Direktur Utama PAM Jaya Erlan Hidayat mengatakan 16 persen air minum di ibukota adalah dari Kabupaten Tangerang. “Sebagian digunakan untuk wilayah selatan dan sebagian wilayah barat Jakarta,” kata Erlan dalam acara penandatanganan kesepakatan bersama antara Pemprov DKI Jakarta dan Pemkab Tangerang tentang penyediaan dan penyaluran air minum untuk masyarakat DKI Jakarta di Balai Kota DKI, Selasa (13/2).

Disebutkan, air adalah bukan semata untuk memenuhi warga Jakarta, tapi saling melengkapi, karena itu semua wilayah diharapkan dapat mengelola air secara bersama. “Air bukan semata-mata kota Jakarta, bukan semata Kabupaten Tangerang, tapi air adalah sebuah wilayah yang kita kelola secara bersama itu misinya,” paparnya.

Ia menambahkan, mekanisme kerjasama antar daerah, khususnya dalam bidang Pelayanan Publik, sesungguhnya telah diatur di dalam Peraturan Pemerintah No. 50 Tahun 2007.

Pemerintah Kabupaten Tangerang, bahkan semenjak tahun 2010 sudah memiliki Peraturan Daerah (Perda) No. 9 Tahun 2010 yang mengatur kerjasama daerah seperti ini. “ini merupakan Sistem Penyediaan Air Minum (SPAM) Regional yang muncul sebagai produk dan kerjasama antar daerah.  Di beberapa daerah lain di Indonesia, seperti Lombok, Kalimantan Selatan, juga sudah terjadi pelayanan air minum produk kerjasama regional antar daerah,” ujarnya.

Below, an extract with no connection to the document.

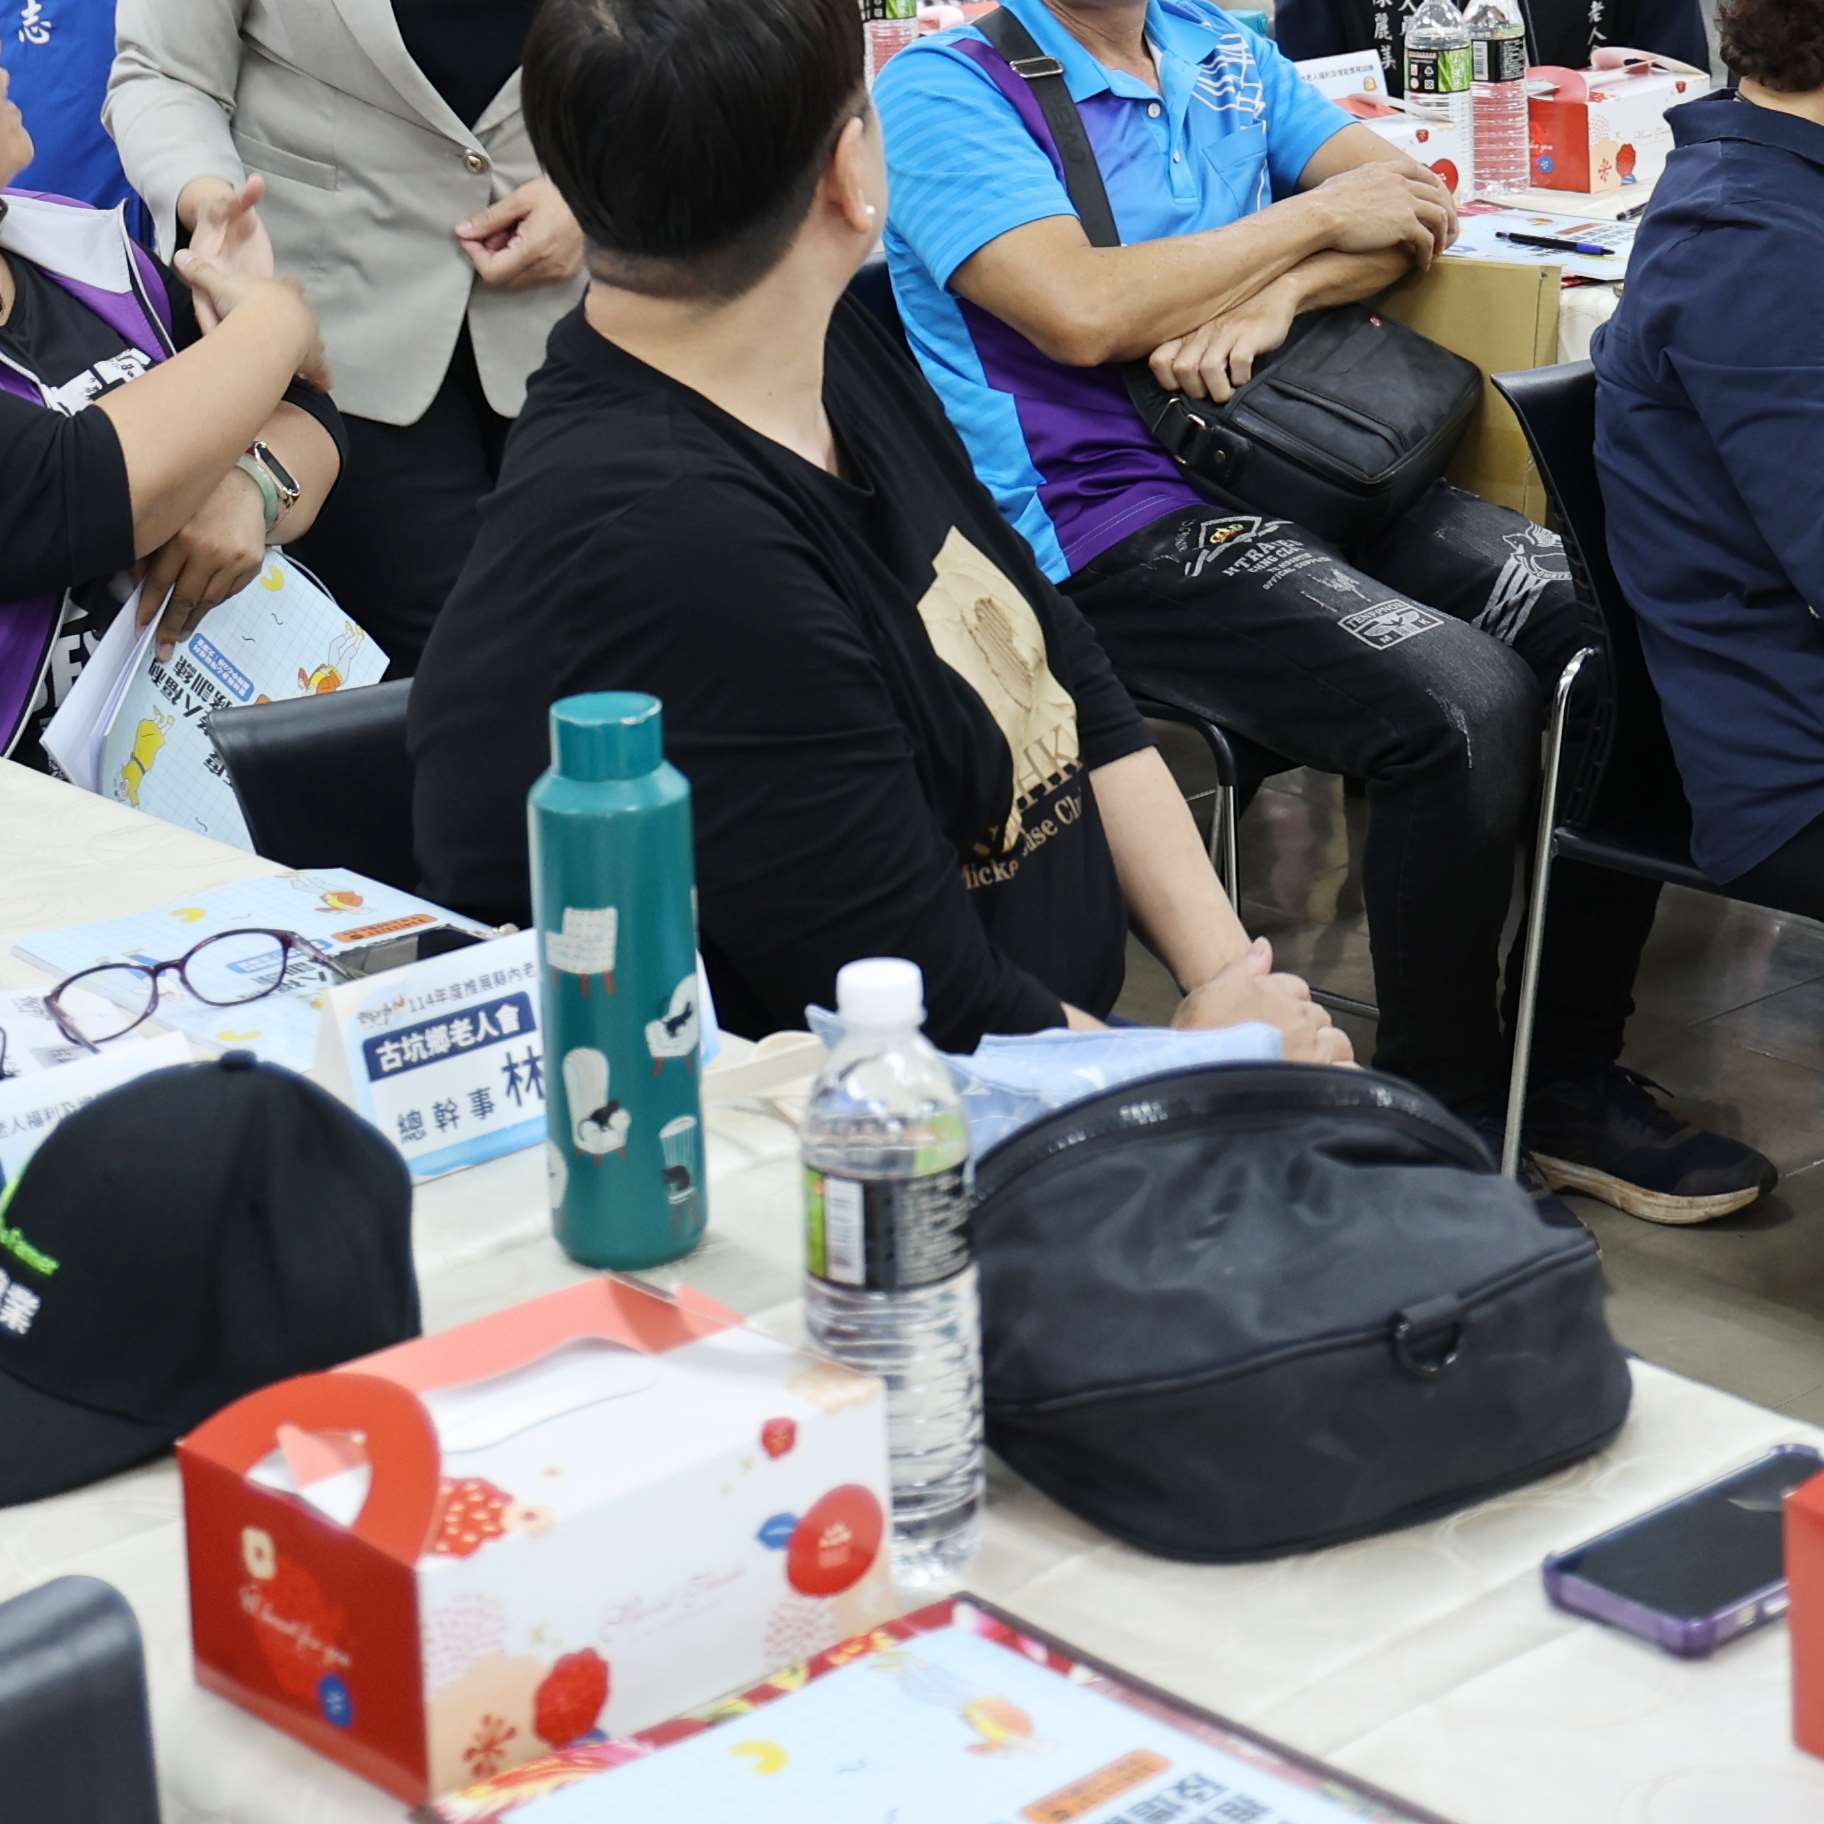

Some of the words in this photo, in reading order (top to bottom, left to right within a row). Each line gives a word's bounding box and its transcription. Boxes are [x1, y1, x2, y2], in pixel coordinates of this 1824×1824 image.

[376, 1003, 521, 1072] 古坑鄉老人會

Maksud dari kesepakatan bersama tersebut adalah agar penyediaan air minum antara Pemprov DKI Jakarta dengan Pemkab Tangerang dapat terlaksana dengan sebaik-baiknya. Sedangkan tujuannya adalah terpenuhinya kebutuhan pelayanan dan penyeddiaan air minum bagi masyarakat DKI Jakarta, terserapnya kelebihan kapasitas produksi air minum PDAM Tirta Kerta Raharja (TKR) Kabupaten Tangerang, dan tercapainya kepentingan yang seimbang dan saling menguntungkan para pihak.

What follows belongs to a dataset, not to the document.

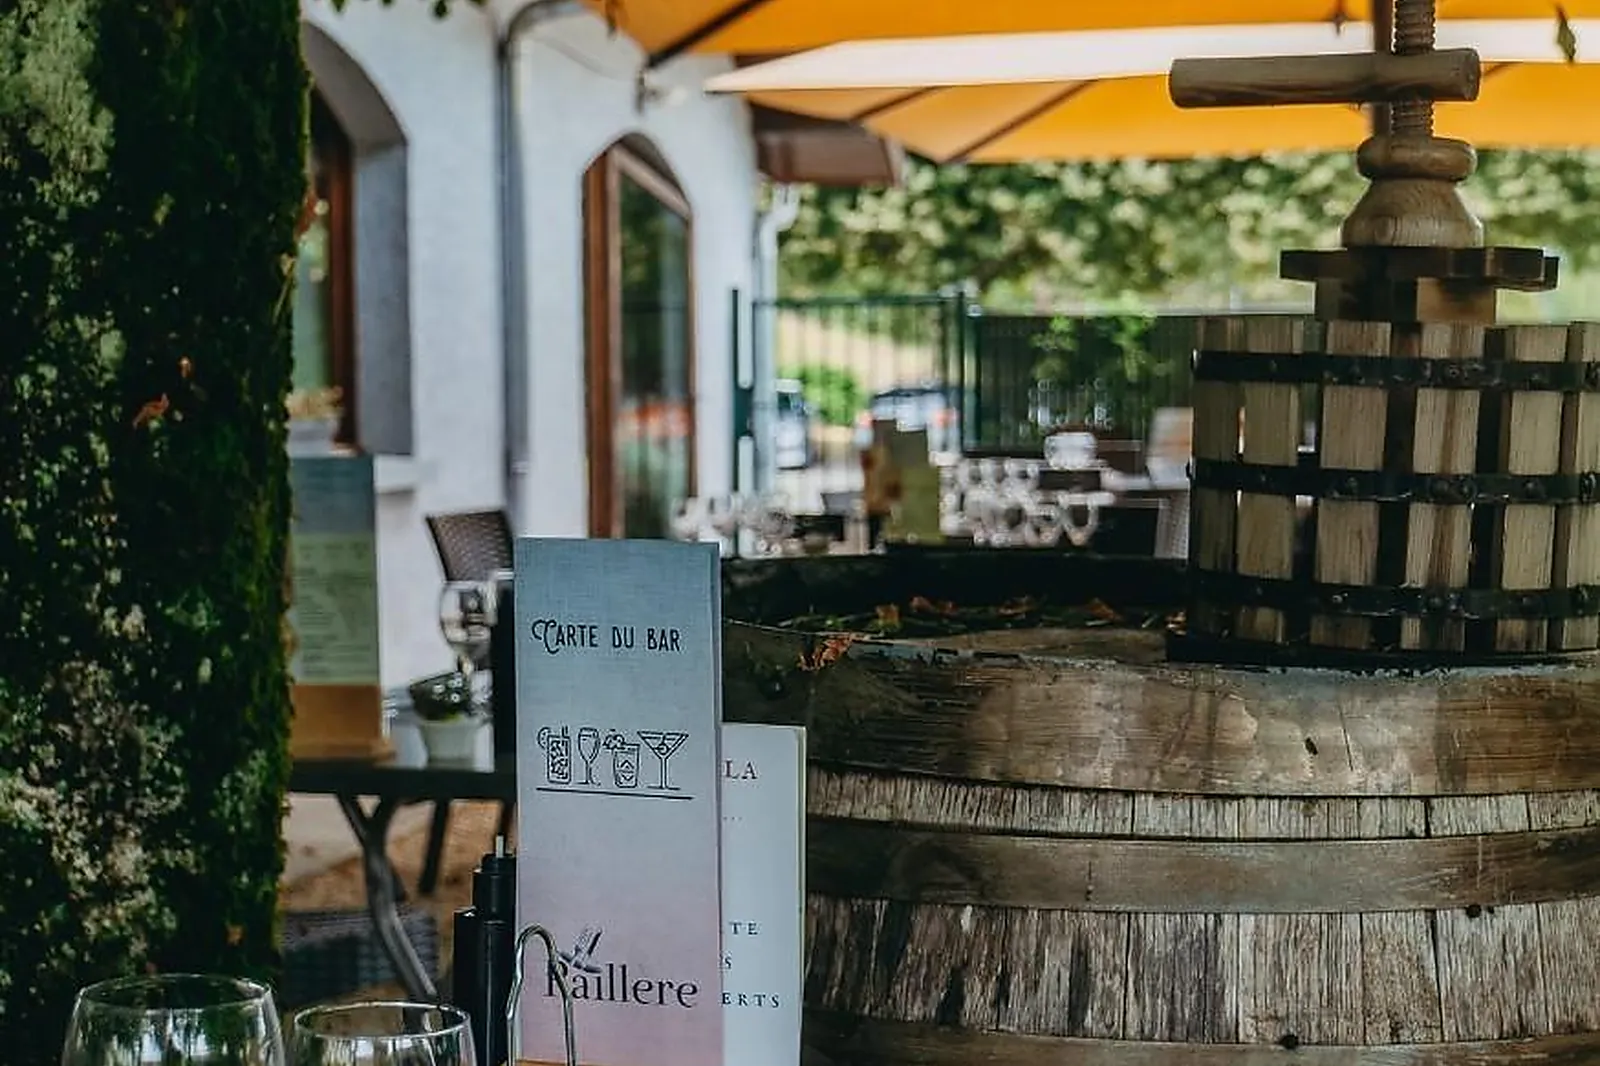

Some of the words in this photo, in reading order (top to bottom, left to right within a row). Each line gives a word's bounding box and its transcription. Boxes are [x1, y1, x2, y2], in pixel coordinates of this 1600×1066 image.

[532, 619, 598, 654] CARTE
[612, 626, 635, 649] DU
[647, 628, 680, 651] BAR
[725, 759, 757, 780] LA

“Jadi MoU tersebut menjadi dasar hukum bagi PAM Jaya dan PDAM TKR untuk memperpanjang Perjanjian Kerja Sama Penyediaan dan Penyaluran Air Minum bagi masyarakat DKI Jakarta dengan kapasitas 2.800 liter per detik dalam jangka waktu 20 tahun kedepan,” ungkapnya.